Excerpted data below:

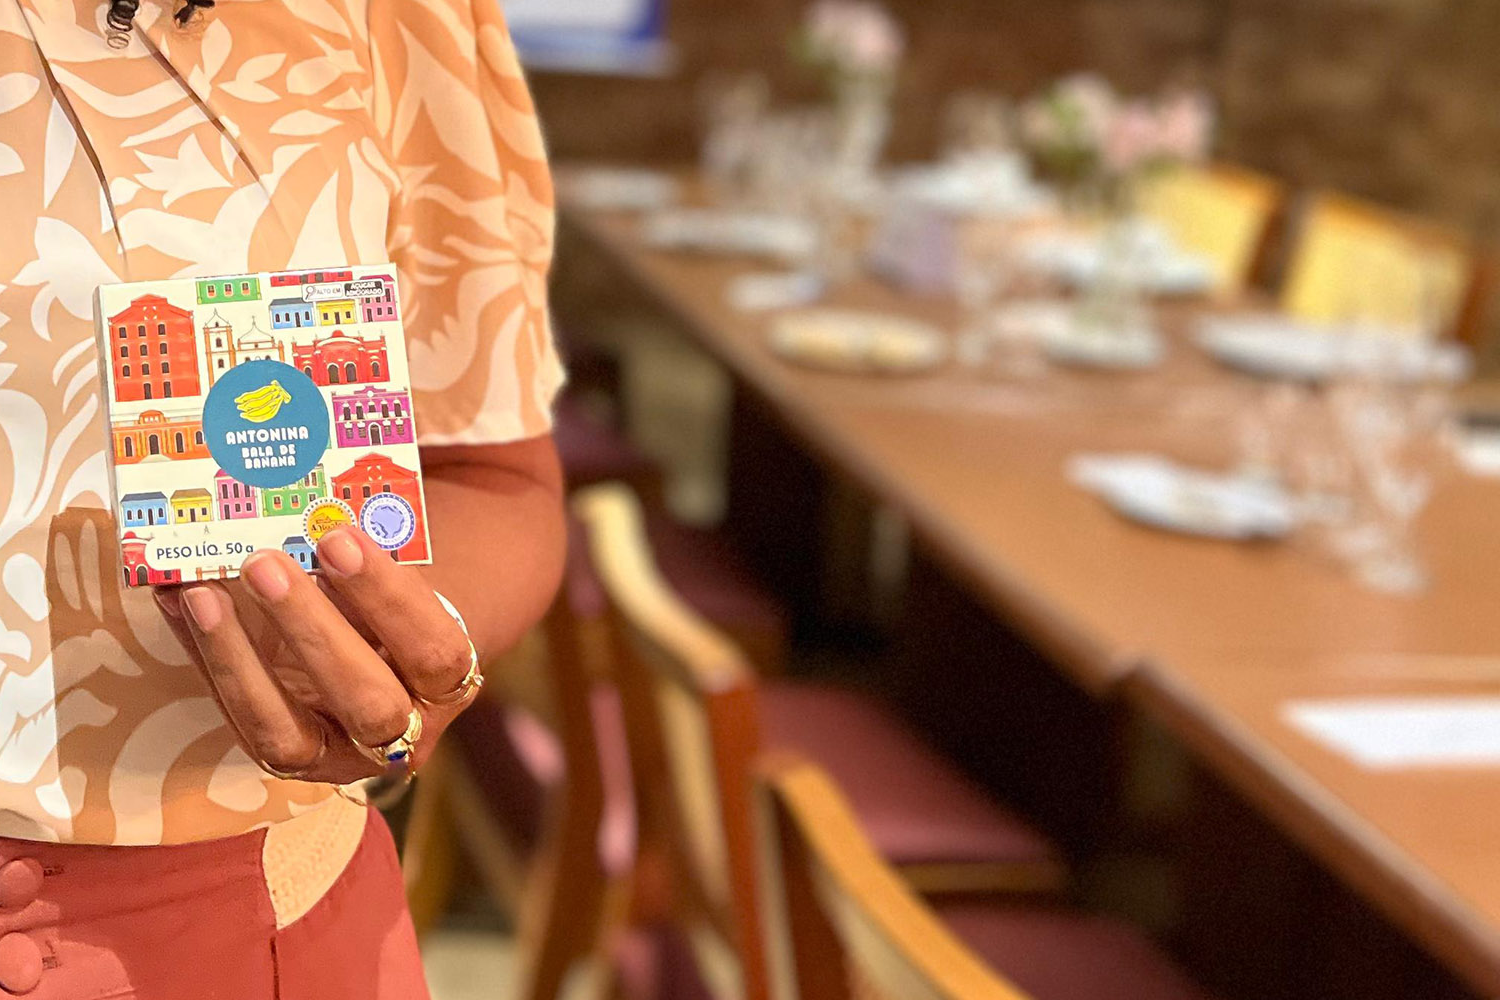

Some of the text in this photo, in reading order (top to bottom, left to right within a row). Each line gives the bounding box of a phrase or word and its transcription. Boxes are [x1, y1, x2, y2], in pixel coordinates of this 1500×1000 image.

[225, 426, 309, 445] ANTONINA
[241, 443, 296, 458] BALA DE
[244, 455, 296, 470] BANANA
[156, 546, 192, 560] PESO
[195, 541, 222, 557] LÍQ.
[226, 542, 243, 555] 50
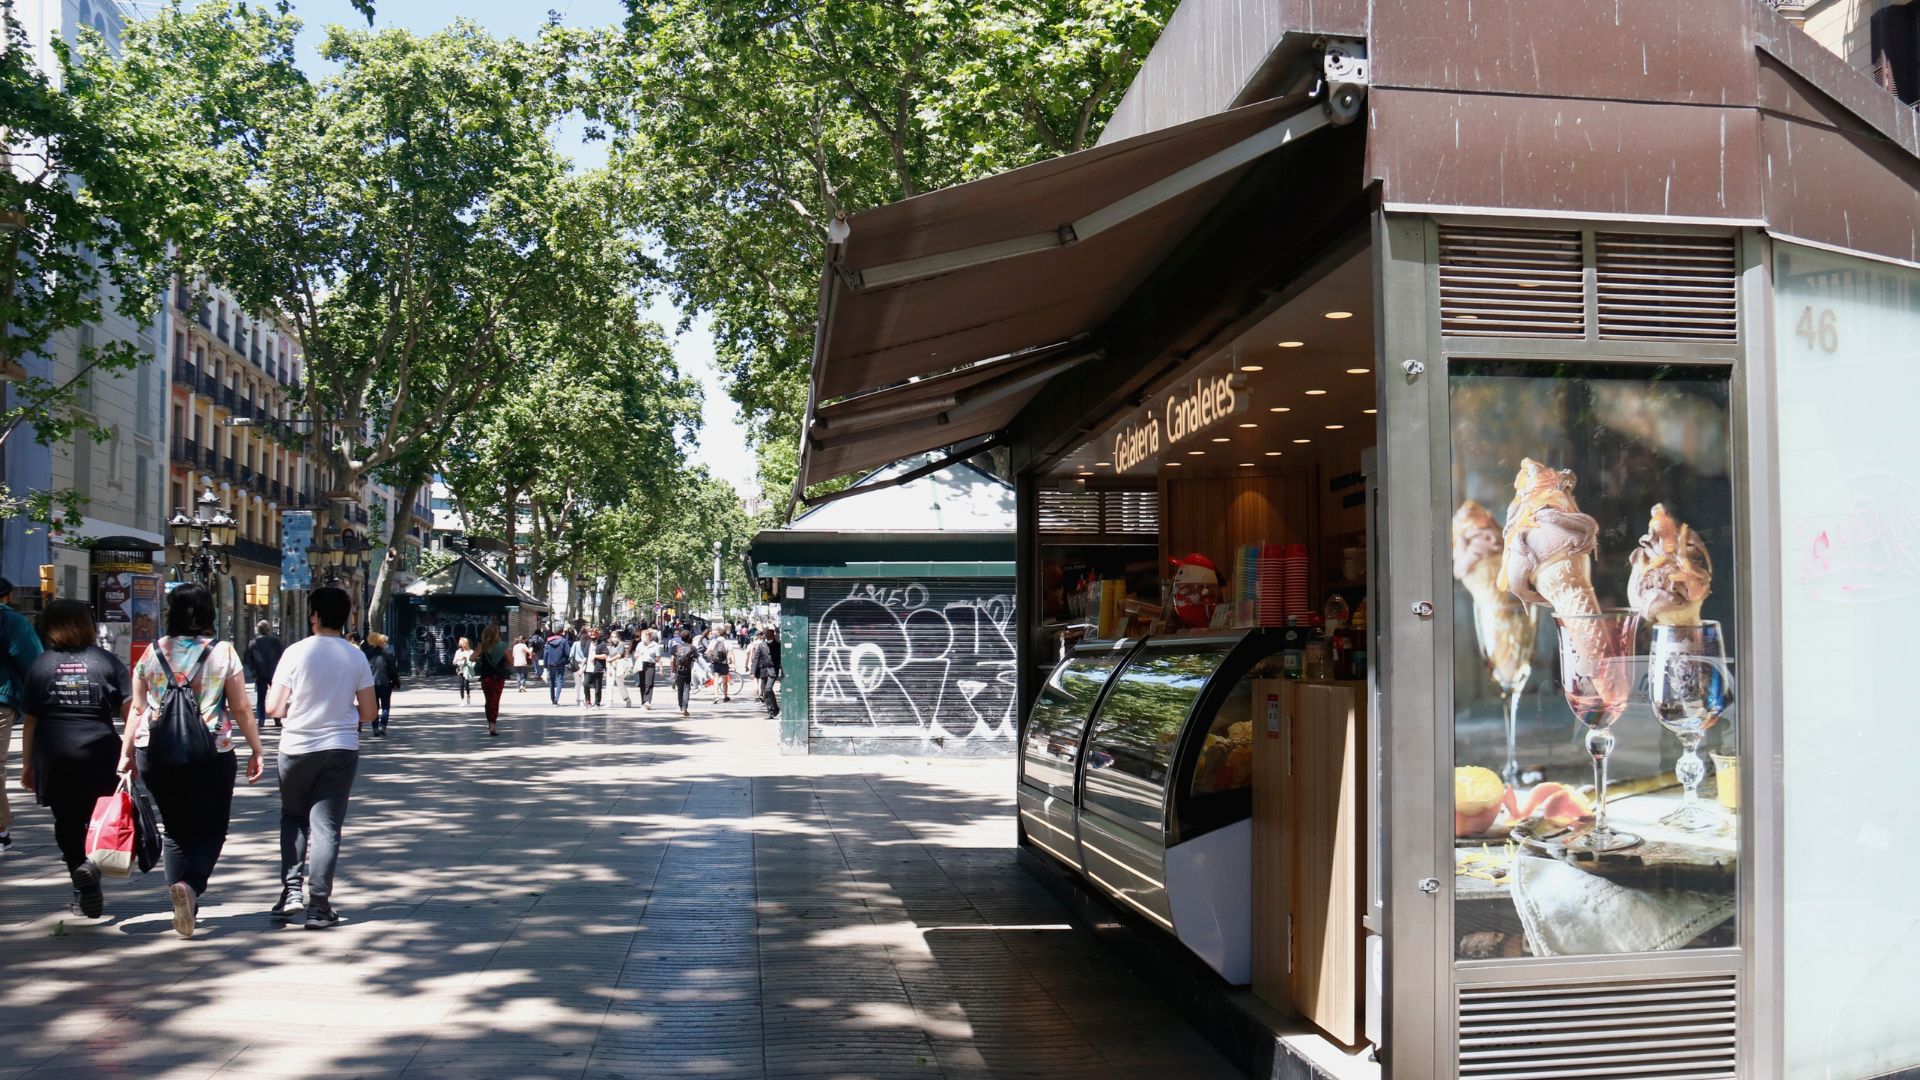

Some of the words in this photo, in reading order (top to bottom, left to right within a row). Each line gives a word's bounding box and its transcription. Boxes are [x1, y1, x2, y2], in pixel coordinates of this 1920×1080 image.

[1795, 306, 1839, 354] 46
[1114, 410, 1159, 474] Gelateria
[1166, 373, 1235, 443] Canaletes
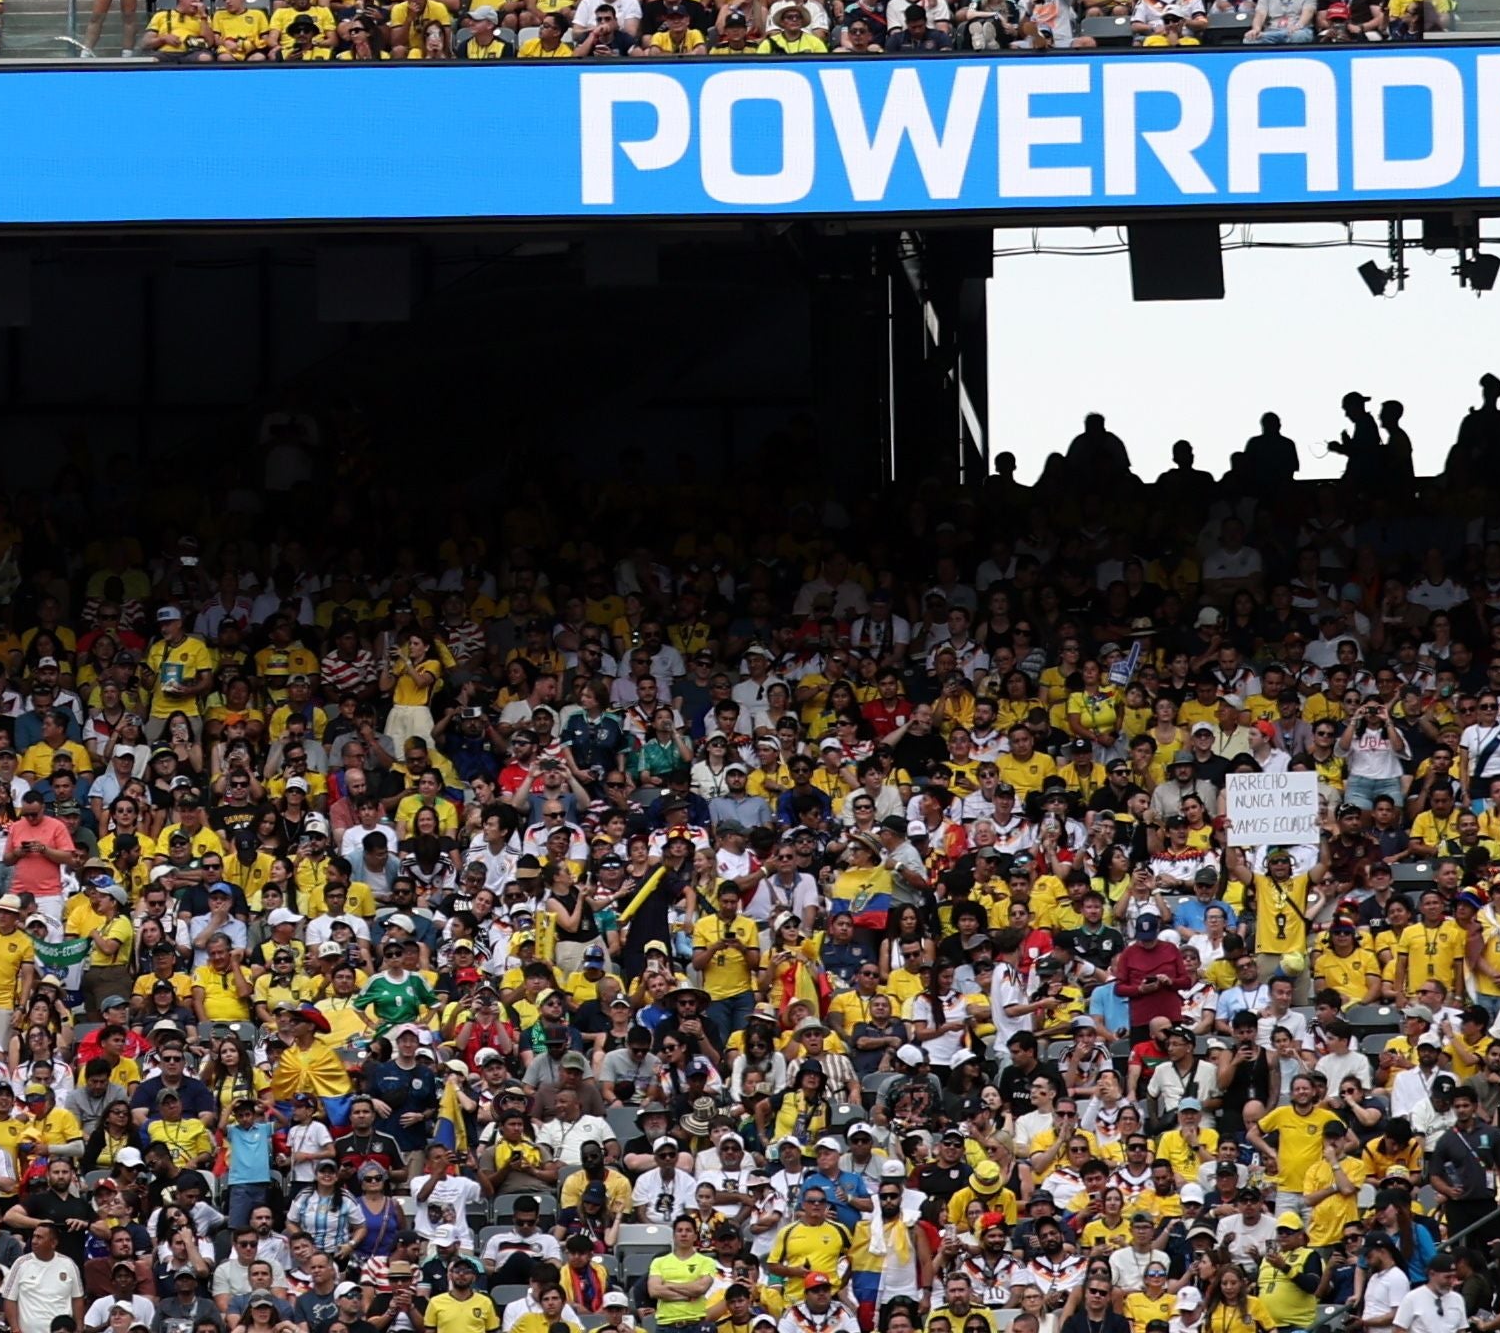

End of Excerpted data.

> [What the exercise asks]
Repeat exactly, please: transcribe each entry and leave out the pictures.

> [Response below]
Some of the text in this photo, in reading order (top to bottom, left to right within a row). Each line gives the bounding box of a phrase or word and its transcription. Boxes are [x1, y1, x2, y2], in pixel coordinates of this 1500×1000 image.

[225, 426, 309, 445] ANTONINA
[241, 443, 296, 458] BALA DE
[244, 455, 296, 470] BANANA
[156, 546, 192, 560] PESO
[195, 541, 222, 557] LÍQ.
[226, 542, 243, 555] 50

Some of the words in this photo, in reading order (top to bottom, left to right within a row). Each line gives a word's bounding box and its transcription. Boxes are [x1, y1, x2, y2], in pixel coordinates of this 1920×1080 image.

[1795, 306, 1839, 354] 46
[1114, 410, 1159, 474] Gelateria
[1166, 373, 1235, 443] Canaletes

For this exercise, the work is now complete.